Omdat enerzijds de bankbiljettenomloop voortdurend stijgt (en dus ook het bedrag aan overeenstemmende rentegevende activa) en anderzijds de rentevoeten voortdurend verder dalen, neemt het aandeel van de NBB in de seigneuriagewinsten voortdurend toe maar ziet de Staat daarentegen haar aandeel voortdurend verder dalen. En in 2004 zelfs volledig verdwijnen.

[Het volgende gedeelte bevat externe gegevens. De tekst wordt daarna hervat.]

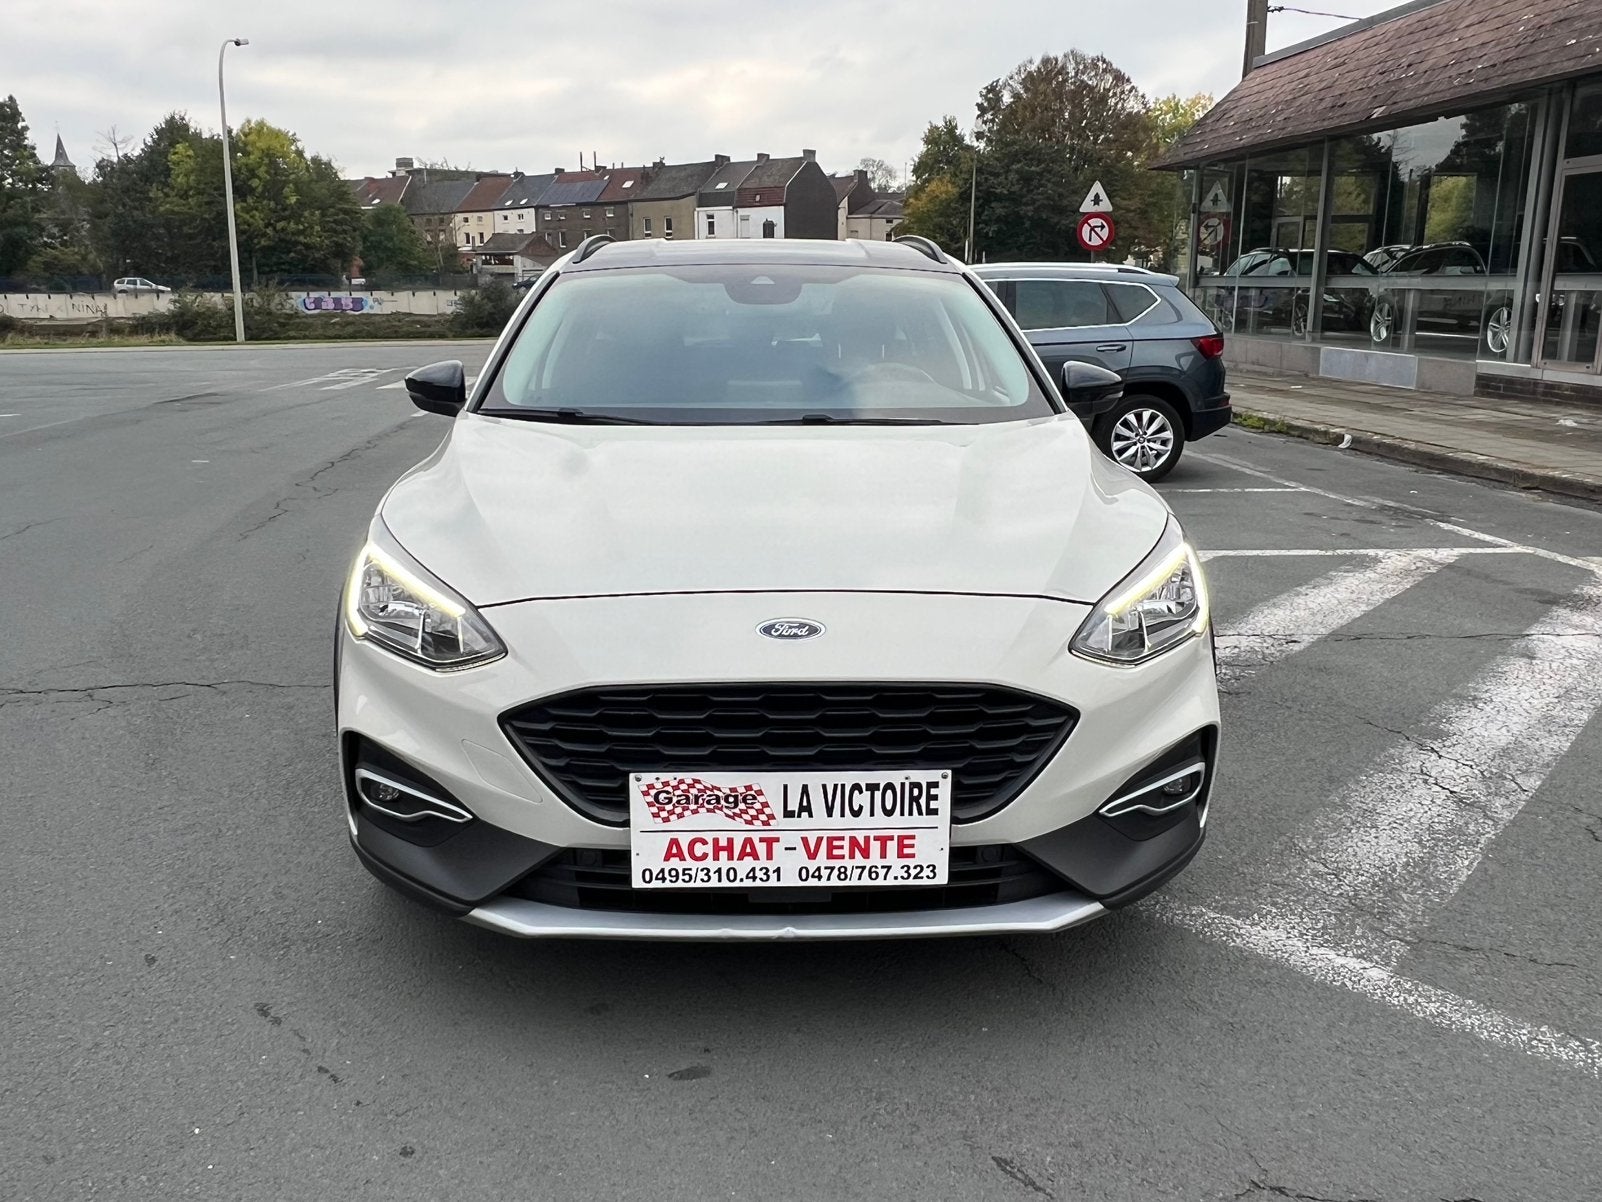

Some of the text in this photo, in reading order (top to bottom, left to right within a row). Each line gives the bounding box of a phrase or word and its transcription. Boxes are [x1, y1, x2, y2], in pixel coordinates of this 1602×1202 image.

[771, 622, 809, 636] Ford
[653, 781, 939, 818] Garage LA VICTOIRE
[641, 864, 937, 884] 0495/310.431 0478/767.323
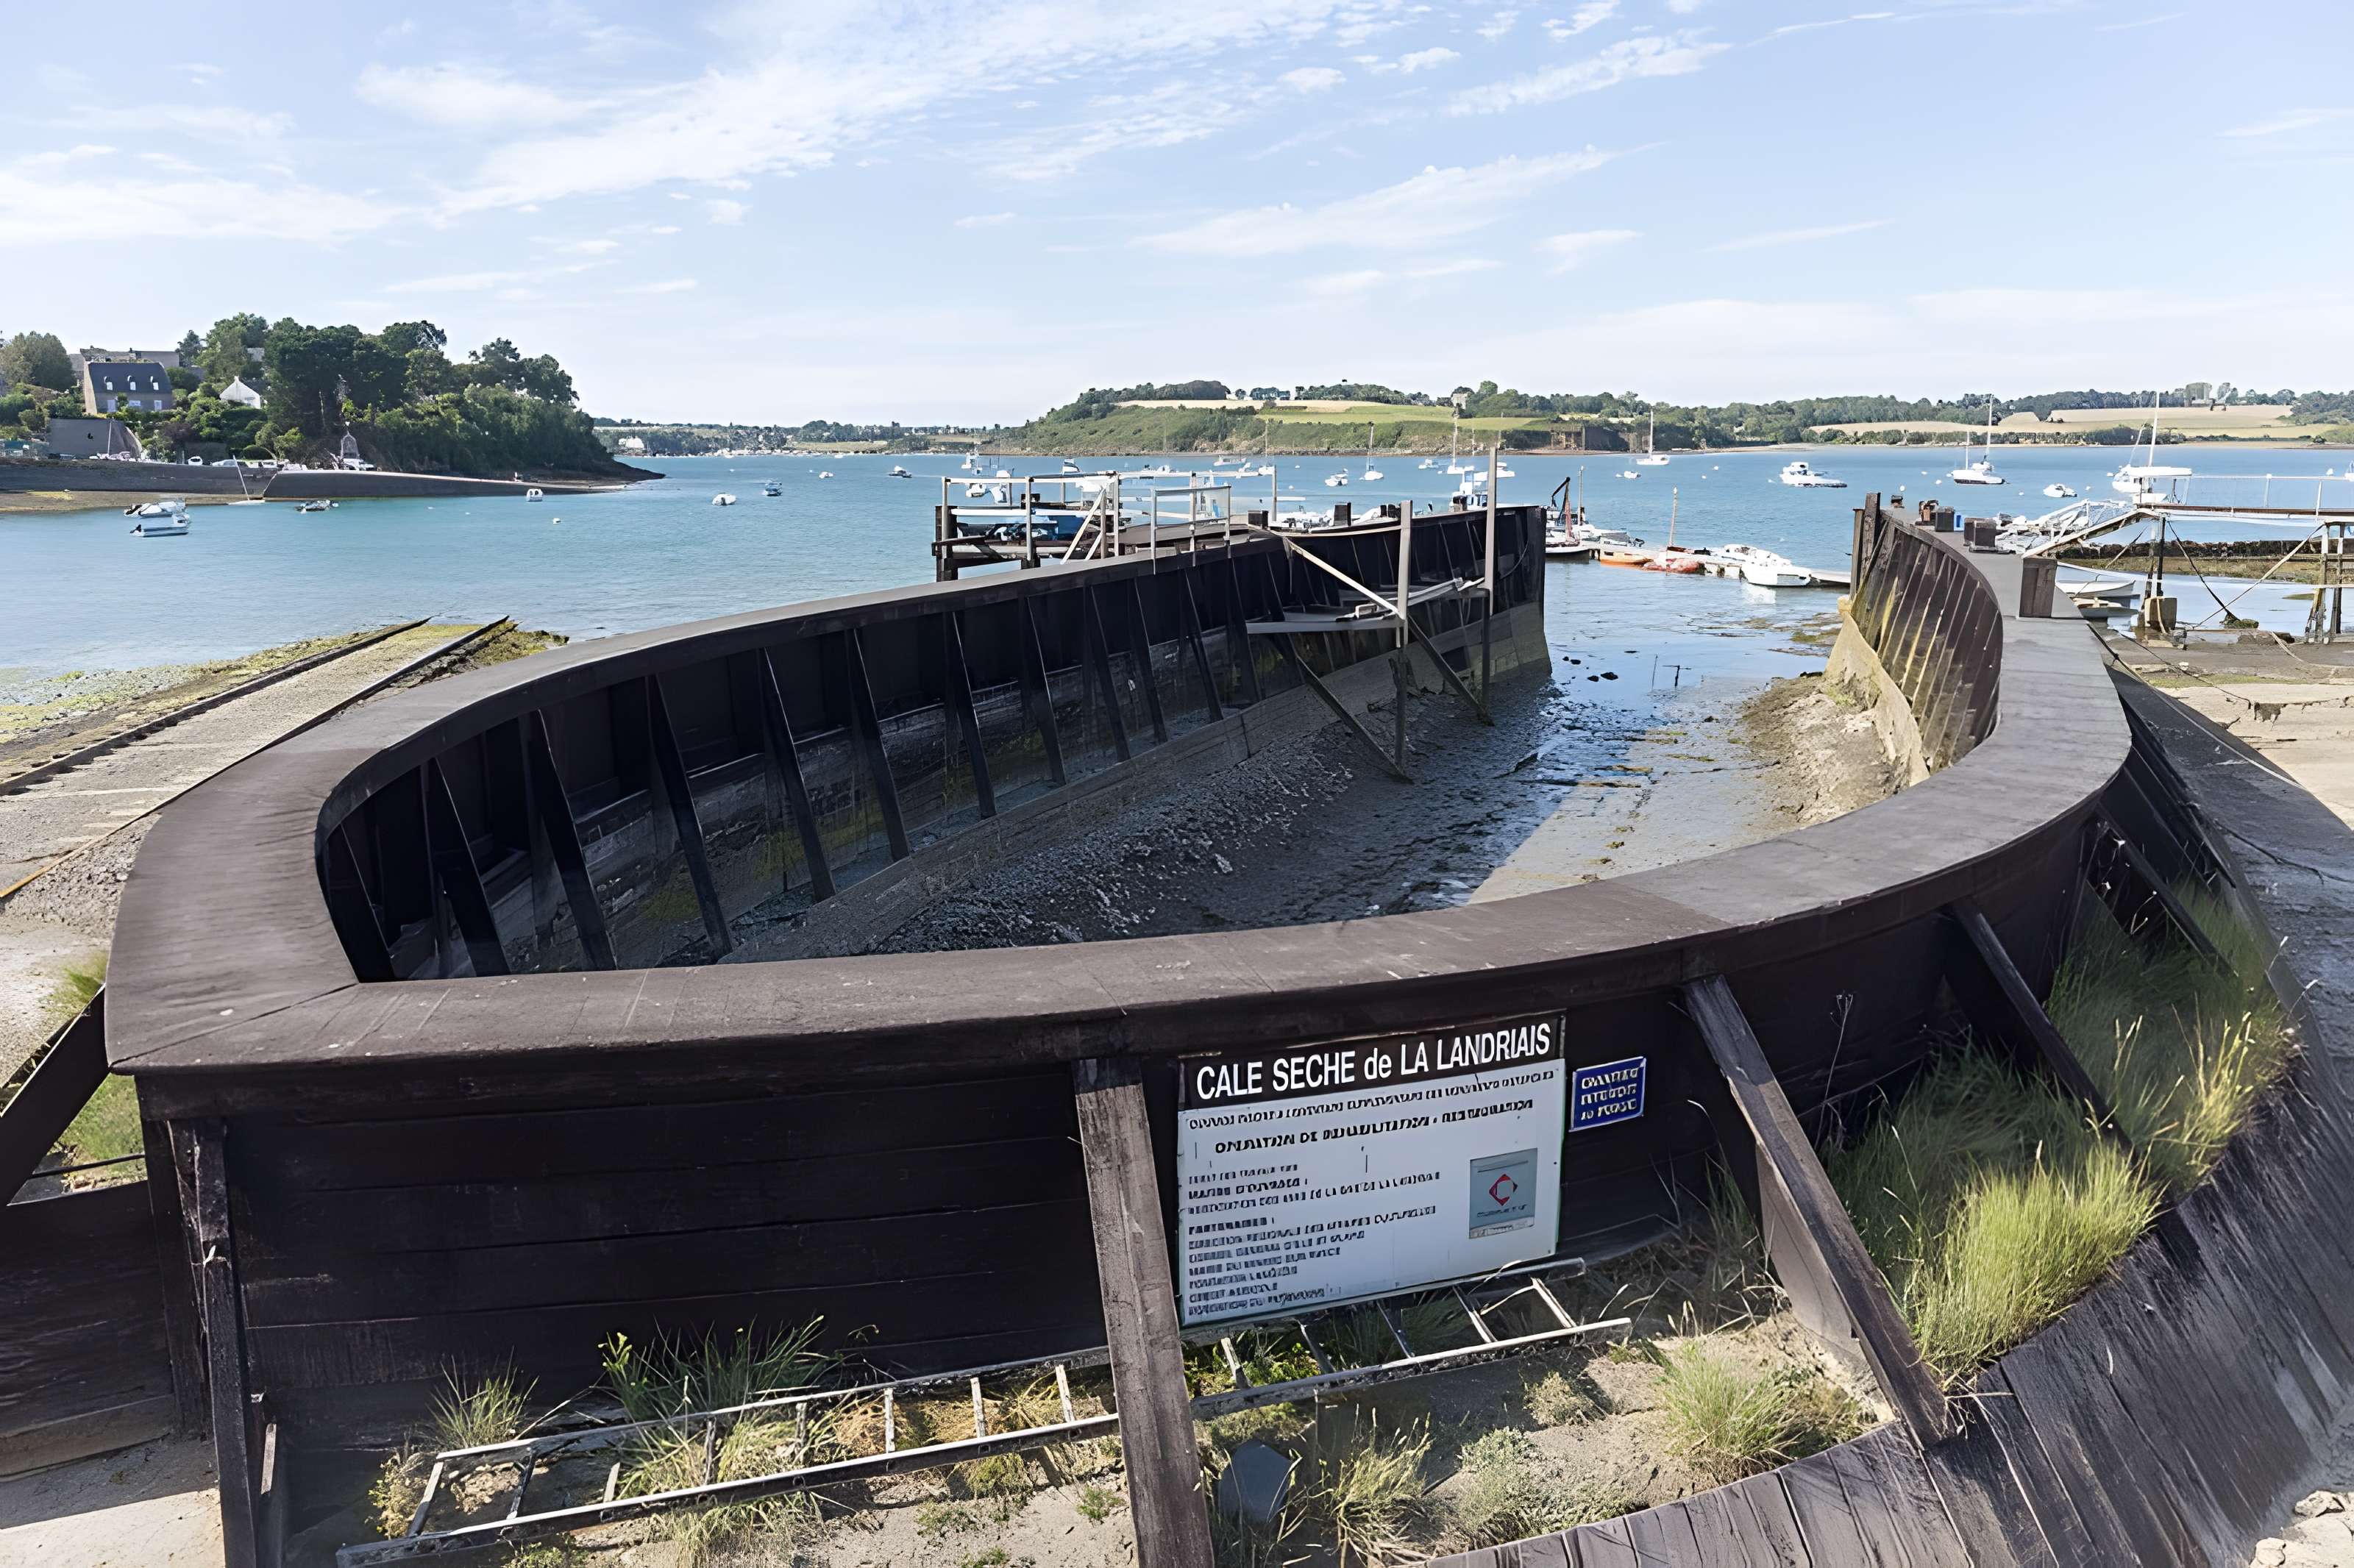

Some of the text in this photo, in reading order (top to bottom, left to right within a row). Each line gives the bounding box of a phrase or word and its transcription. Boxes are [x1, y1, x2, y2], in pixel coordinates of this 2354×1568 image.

Beide evoluties werden ingeschat zich te zullen doorzetten, wat ook is gebleken. De vennootschap had deze toenemende component van haar totale winsten (als dividenden) kunnen uitkeren aan haar eigenaars, doch in dat geval had de Staat deze inkomsten moeten delen met de 50 % particuliere aandeelhouders.
Een ingreep door de Wetgever dringt zich dus op.

Het Artikel 29 van de Organieke Wet zal dus worden vervangen door het Artikel 32.

Door deze nieuwe ingreep vanwege de Wetgever  zal de Belgische Soevereine Staat dan niet langer (een deel van) de seigneuriagewinsten van de NBB ontvangen, doch wel een deel van de TOTALE winsten van de centrale bank!